WHAT YOU NEED TO DO -
In your copy of the data below, reproduce every entry exactly and omit the pictures.

Records from a data collection -
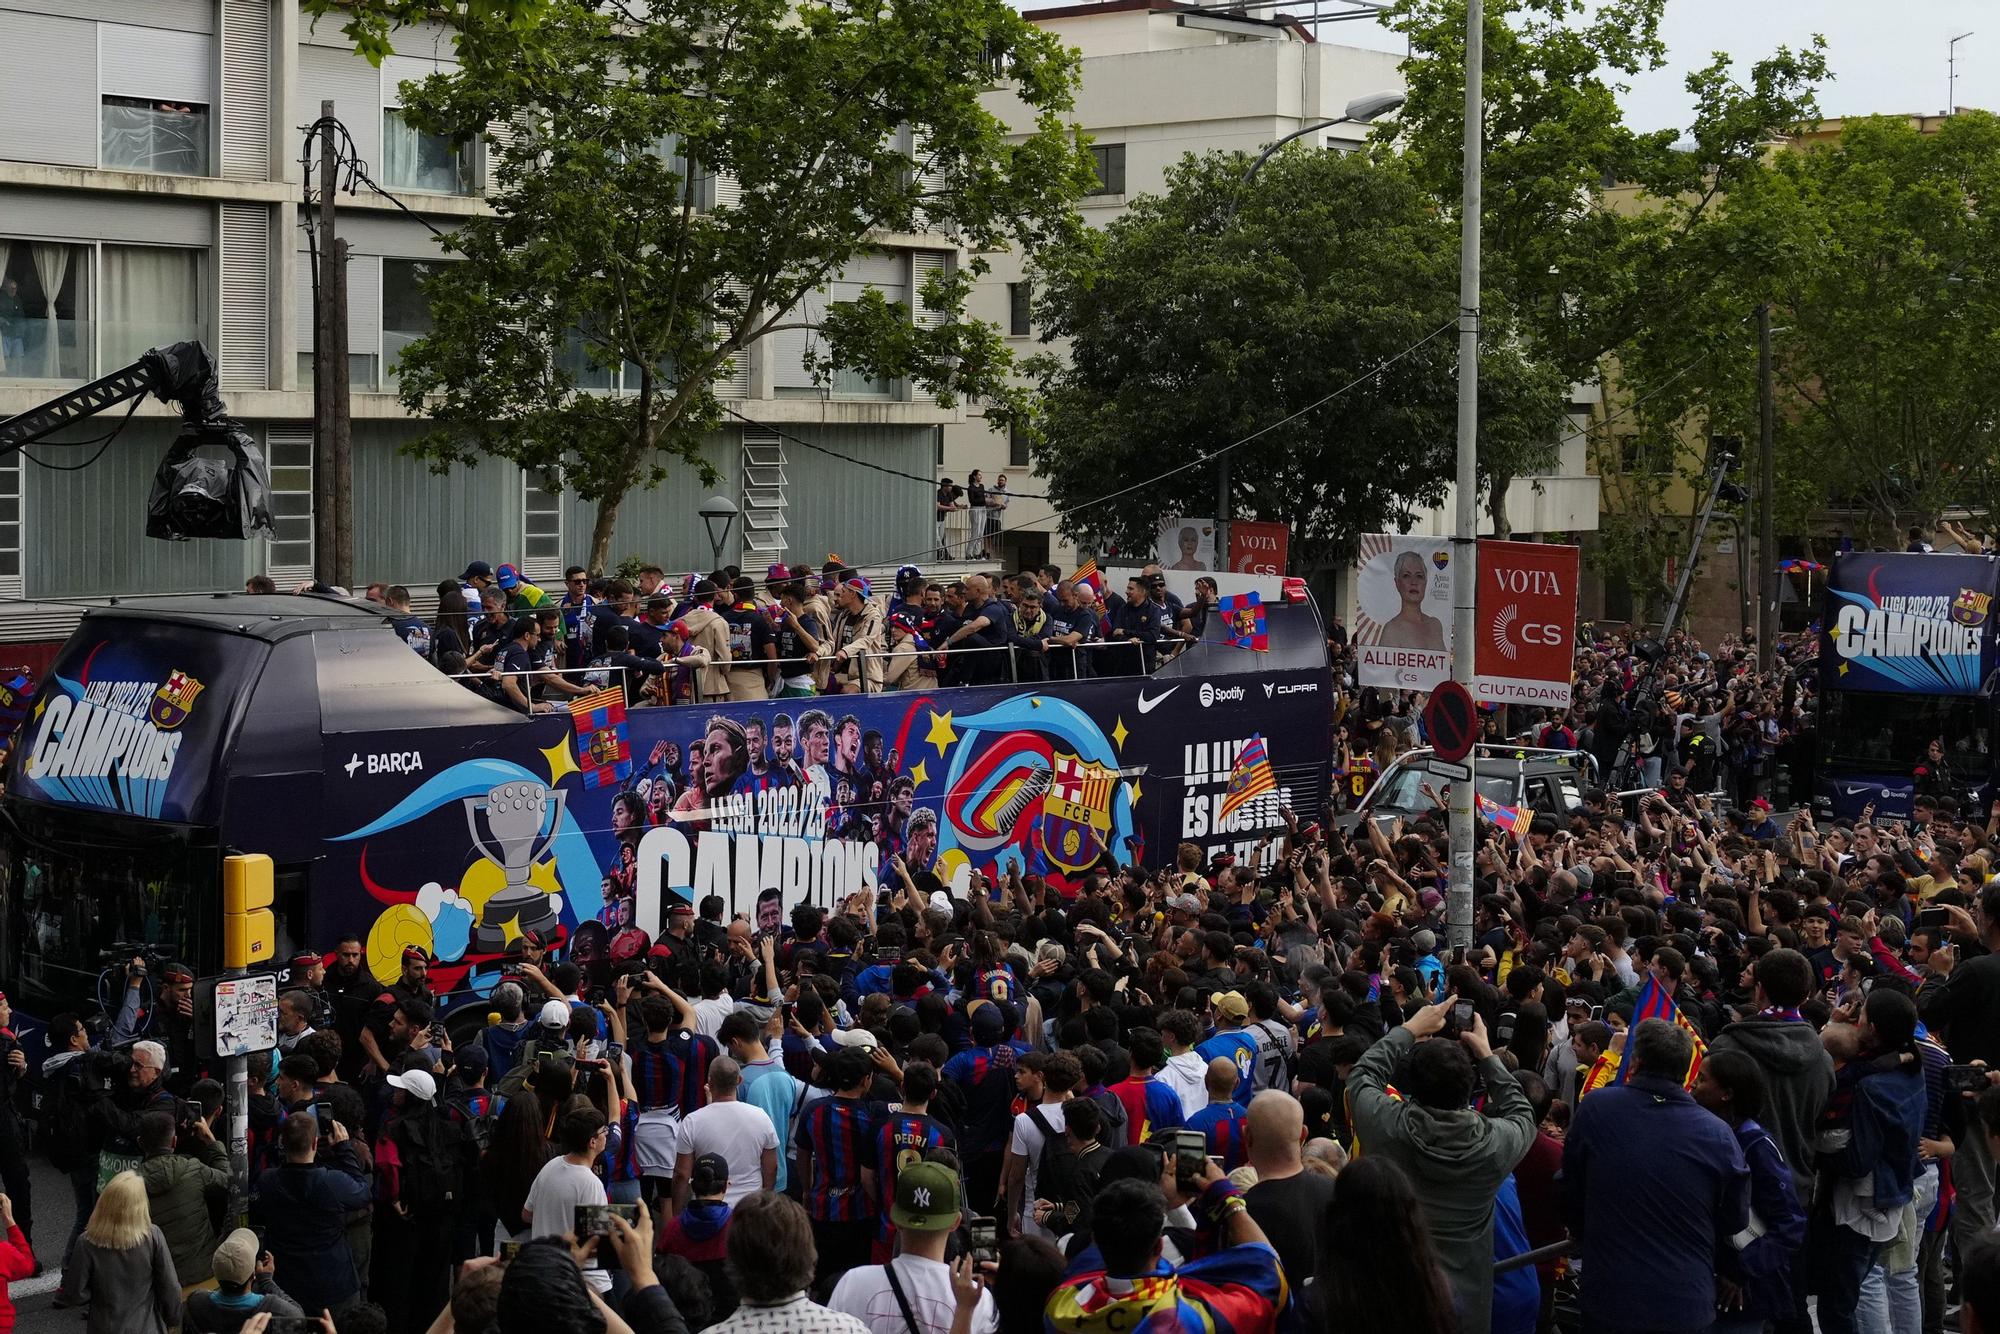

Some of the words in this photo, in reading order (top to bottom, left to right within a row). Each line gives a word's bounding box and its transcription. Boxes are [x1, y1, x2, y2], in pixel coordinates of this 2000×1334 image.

[1240, 536, 1277, 550] VOTA
[1494, 568, 1561, 596] VOTA
[1907, 596, 1950, 620] 2022/23
[1521, 623, 1562, 646] CS
[1836, 604, 1983, 659] CAMPIONES
[1364, 650, 1446, 670] ALLIBERA'T
[166, 693, 183, 706] FCB
[1215, 686, 1245, 702] Spotify
[1278, 683, 1318, 694] CUPRA
[1478, 683, 1568, 701] CIUTADANS
[28, 694, 183, 781] CAMPIONS
[367, 751, 423, 775] BARÇA
[1184, 742, 1209, 786] LA
[1352, 775, 1365, 797] 8
[757, 782, 827, 839] 2022/23
[1063, 803, 1091, 822] FCB
[1182, 786, 1209, 839] ÉS
[1264, 1056, 1281, 1089] 7
[894, 1133, 927, 1148] PEDRI
[913, 1186, 931, 1208] NY
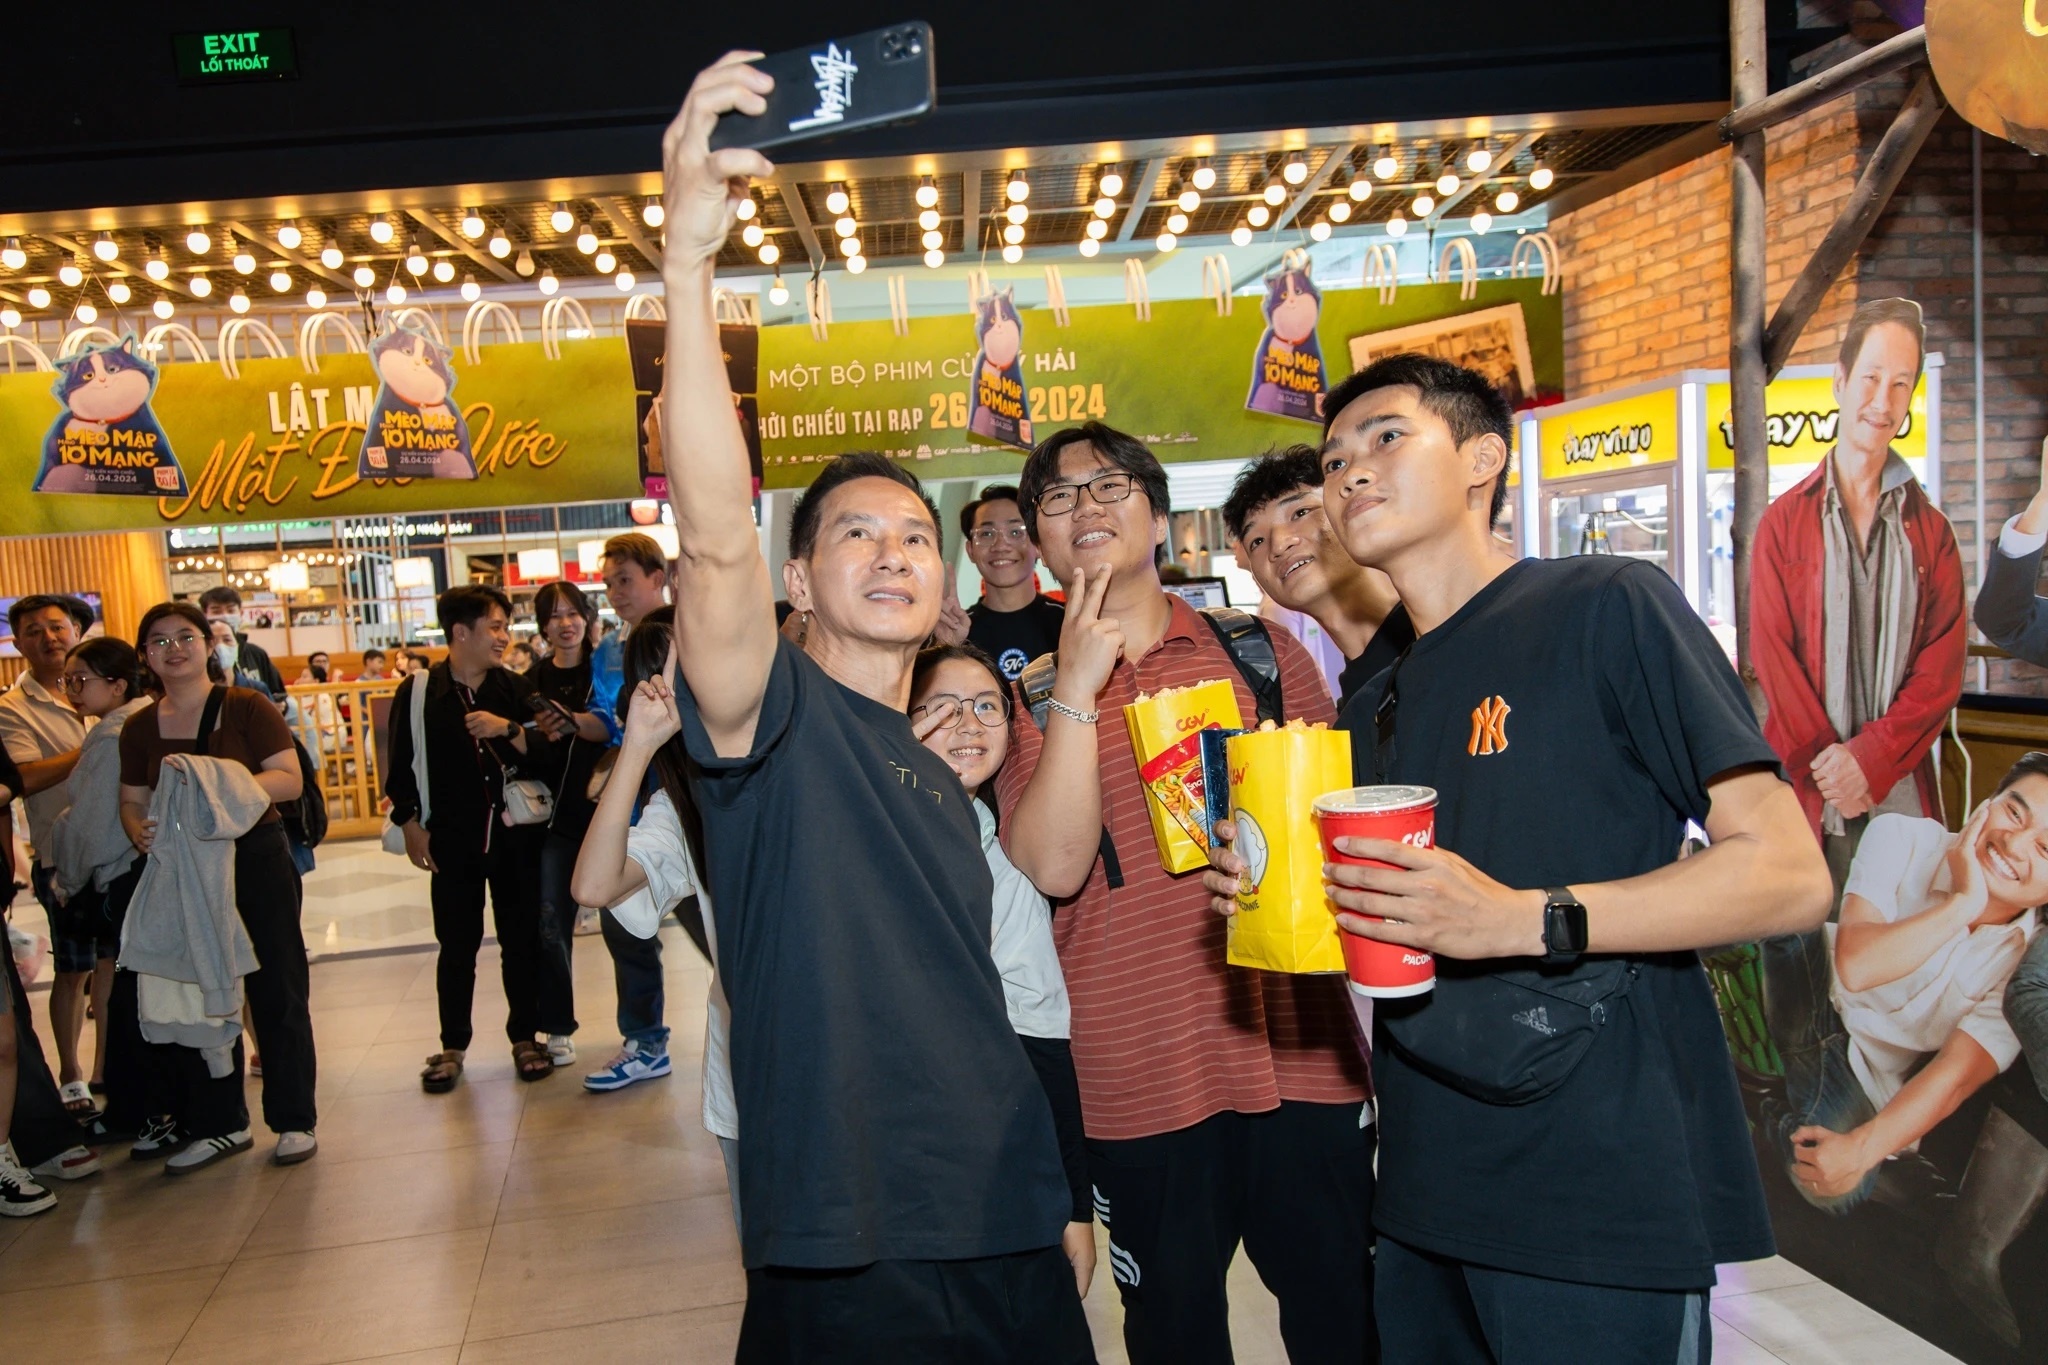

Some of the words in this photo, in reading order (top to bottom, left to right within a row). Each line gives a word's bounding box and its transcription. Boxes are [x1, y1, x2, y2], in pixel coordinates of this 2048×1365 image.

RESPONSE TO THIS EXERCISE -
Some of the words in this photo, in reading order (top to bottom, left to right within a row). Each line gives a word's bounding box and its transcription. Boxes are [x1, y1, x2, y2], in pixel coordinates of this 2000×1334 image.

[1240, 536, 1277, 550] VOTA
[1494, 568, 1561, 596] VOTA
[1907, 596, 1950, 620] 2022/23
[1521, 623, 1562, 646] CS
[1836, 604, 1983, 659] CAMPIONES
[1364, 650, 1446, 670] ALLIBERA'T
[166, 693, 183, 706] FCB
[1215, 686, 1245, 702] Spotify
[1278, 683, 1318, 694] CUPRA
[1478, 683, 1568, 701] CIUTADANS
[28, 694, 183, 781] CAMPIONS
[367, 751, 423, 775] BARÇA
[1184, 742, 1209, 786] LA
[1352, 775, 1365, 797] 8
[757, 782, 827, 839] 2022/23
[1063, 803, 1091, 822] FCB
[1182, 786, 1209, 839] ÉS
[1264, 1056, 1281, 1089] 7
[894, 1133, 927, 1148] PEDRI
[913, 1186, 931, 1208] NY

Some of the words in this photo, in reading order (top to bottom, left to right within a row). Each line gives a word's bounding box and its transcription. Boxes are [x1, y1, x2, y2], in pixel coordinates of this 2048×1365 image.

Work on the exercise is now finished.